Wednesday, August 18, 2021

Top Honesty Researcher, Dan Ariely, Has Paper Retracted Due to Fraudulent Data

Today, truth is on my mind after I read the following quote:

"(T)ruth is not what you want it to be; it is what it is, and you must bend to its power or live a lie."–Miyamoto Musashi

This reminded me of this, my favorite, quote about truth: 

“When truth is buried underground it grows, it chokes, it gathers such an explosive force that on the day it bursts out, it blows up everything with it.”–Emile Zola

Over the years, I've found the latter quote to be very descriptive of the events that follow after the initial revelations that a fraud has taken place. For example, the explosion of truth that happened after Lance Armstrong was first accused by his former teammate, Floyd Landis, of doping. A few years later and Lance had been stripped of all his yellow jerseys and all sorts of revelations came out that exposed truth that was buried deep in the ground in hopes that it would never be revealed (this link chronicles about 150 blog posts about Lance's fraud coming to light).

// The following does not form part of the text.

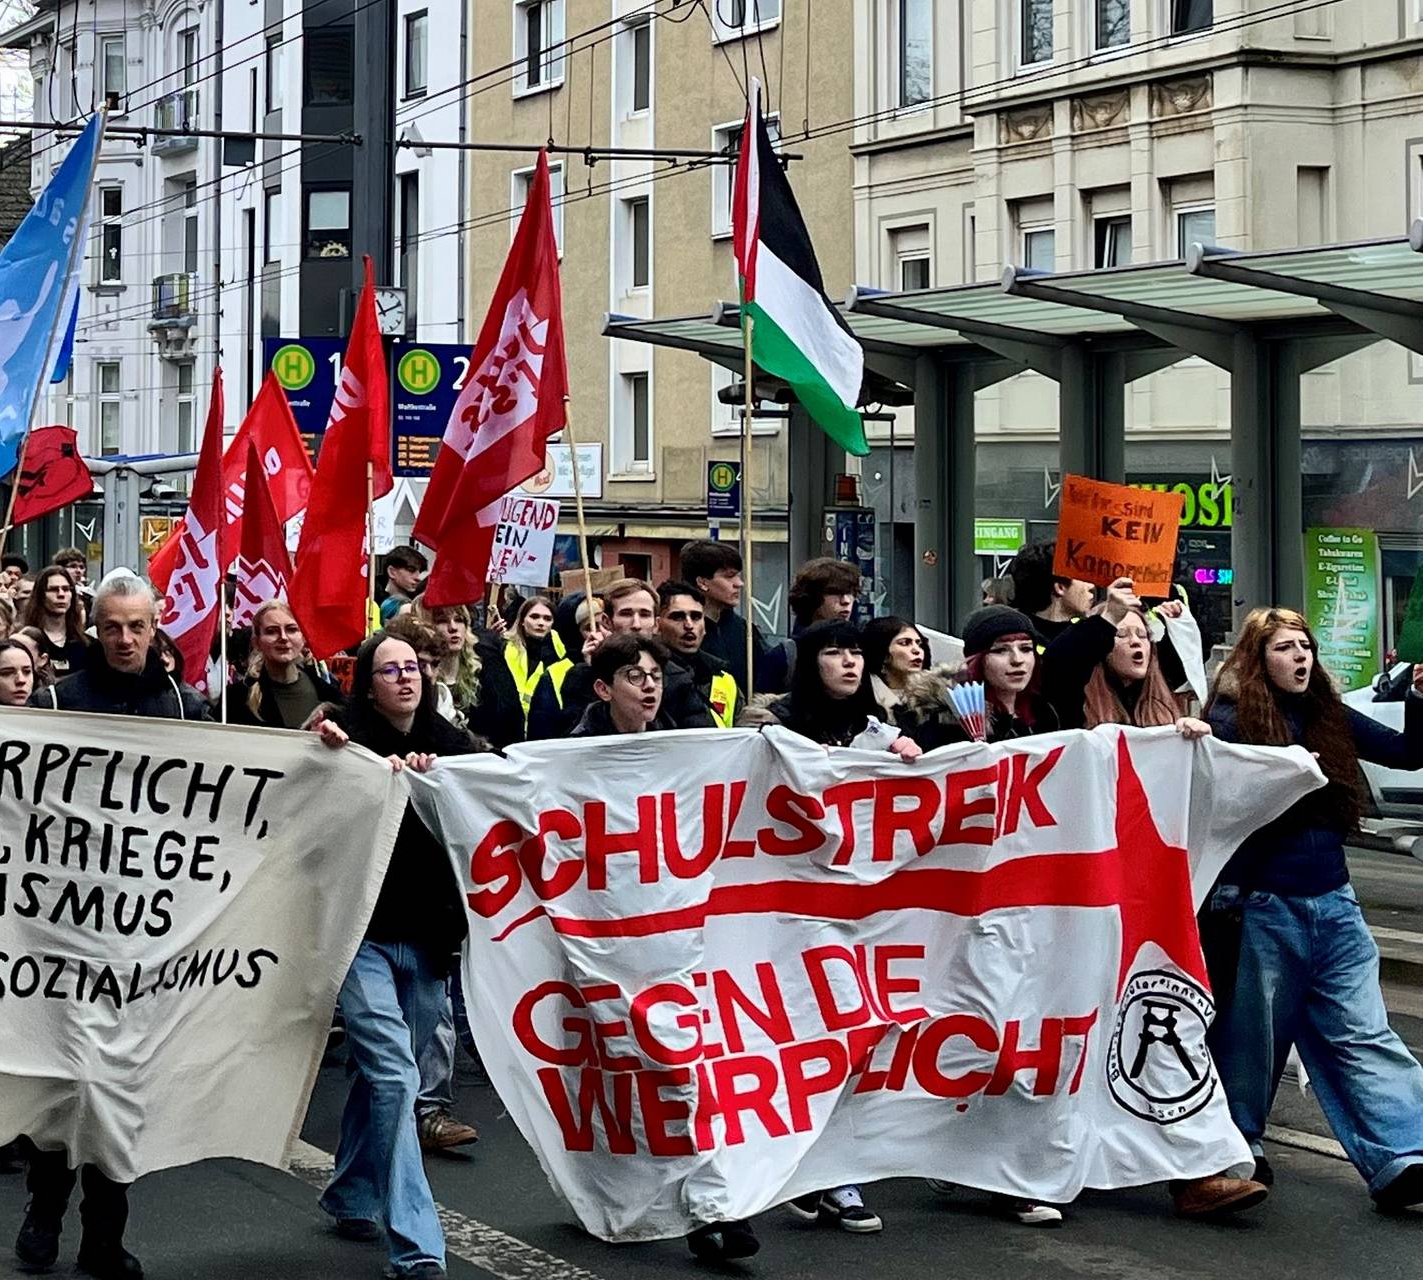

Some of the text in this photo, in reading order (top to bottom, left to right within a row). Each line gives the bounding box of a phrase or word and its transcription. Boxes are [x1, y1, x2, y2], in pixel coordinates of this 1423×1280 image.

Similarly, in accounting research, we had a researcher who, by many accounts, was considered accounting's most prolific academic, Jim Hunton, have a paper (ironically on auditor's detection of fraud) retracted in November 2012. Many of Professor Hunton's papers contained what he claimed was proprietary data that was obtained from confidential sources. A few years later, 37 of Jim Hunton's papers had been retracted (technically, 36.5 since one paper was partially retracted). He is currently listed as #14 on the RetractionWatch leaderboard (see this link for more information).

Over the past few days, a 2012 paper coauthored by someone who is arguably the most prolific psychology researcher on (ironically) honesty, Dan Ariely, was identified as containing fraudulent data and is being retracted (see this link for details on the investigation that led to the retraction; see this Twitter thread saying it is being retracted and giving other interesting context from one of the coauthors). Unfortunately, like Jim Hunton, Professor Ariely was in charge of the data and claims to have obtained it from a proprietary source. While it is too early to tell, this begs the question of what the future holds. Is this the early rumblings of the truth trying to free itself from its casket buried deep in the earth?

Sadly, I have had some suspicions about some experiments that Professor Ariely ran using a shredder that was modified so it looked like it was shredding but really wasn't (see this link for more details). After purchasing several shredders in an attempt to modify them so we could do what he claimed he did and even getting a BYU engineering student who was the lead TA in the Mechanical Engineering lab involved in the effort, we emailed Professor Ariely to ask him how he did it. He provided a voicemail response that was not satisfactory. He claimed it was "quite simple" to convert a shredder by breaking the teeth in the middle with a screwdriver but that he doesn't use that method any longer. (My TA found the file with Dr. Ariely's explanation; click this link if you want to hear it.)

(The photo on the left is one of the shredders we tried to modify. I'm confident that those teeth could not be broken with a screwdriver.) 

We were unable to break any teeth on the shredders we purchased but ended up finding a way to remove some of the teeth in the center by taking the shredder apart. Unfortunately, when we did this the papers would no longer go through the shredder without getting turned to one side or another and they inevitably got stuck because the shredder no longer had enough teeth to pull them through. We concluded that it was impossible to modify any of the shredders we bought and I filed the entire experience in my mind by putting an asterisk next to Dan Ariely's name as someone who made a claim regarding his research that seems potentially suspicious.

Time will tell whether this retraction is the rumblings of a massive explosion or not. If there are other implications, I hope the truth comes out because, I believe, the world is always a better place when fraud has been exposed.


  1. Wow, the irony! I can't believe Dan Ariely would be so bold as to make a claim about shredders that is so easily de-bunked. I would think that the mindset needed to do so would certainly be a strong indicator of pervasive lies.

  2. Wow! So did he literally just take time out of his day to leave a VM because he wanted to actively discourage you from trying to replicate his paper shredder method? I wonder why he was so interested in steering you another direction...

  3. What a sad state of affairs. Yes, it's better when truth comes to light, but it can be painful. Time will tell whether or not this is the tip of the iceberg. Setting aside the severe breach of ethics, the costs of scientific malfeasance can be highly costly, especially given how long and laborious it is understand why "findings" do not seem to not replicate. And, imagine instances in which costly controls are implemented in anticipation of dishonesty that does not occur in the way a study purports it to occur.
    As an aside the link you provide: is a wonderful illustration of how simple visualizations of population data can reveal strong signs of "material" misstatement. Great post.

  4. Also, even if the teeth did not cut, you would still have long crease lines in the paper running the length of it. Compare that to the photo where only the edges have been mangled. Short of completely removing the central wheels, I'm not sure how that would be possible.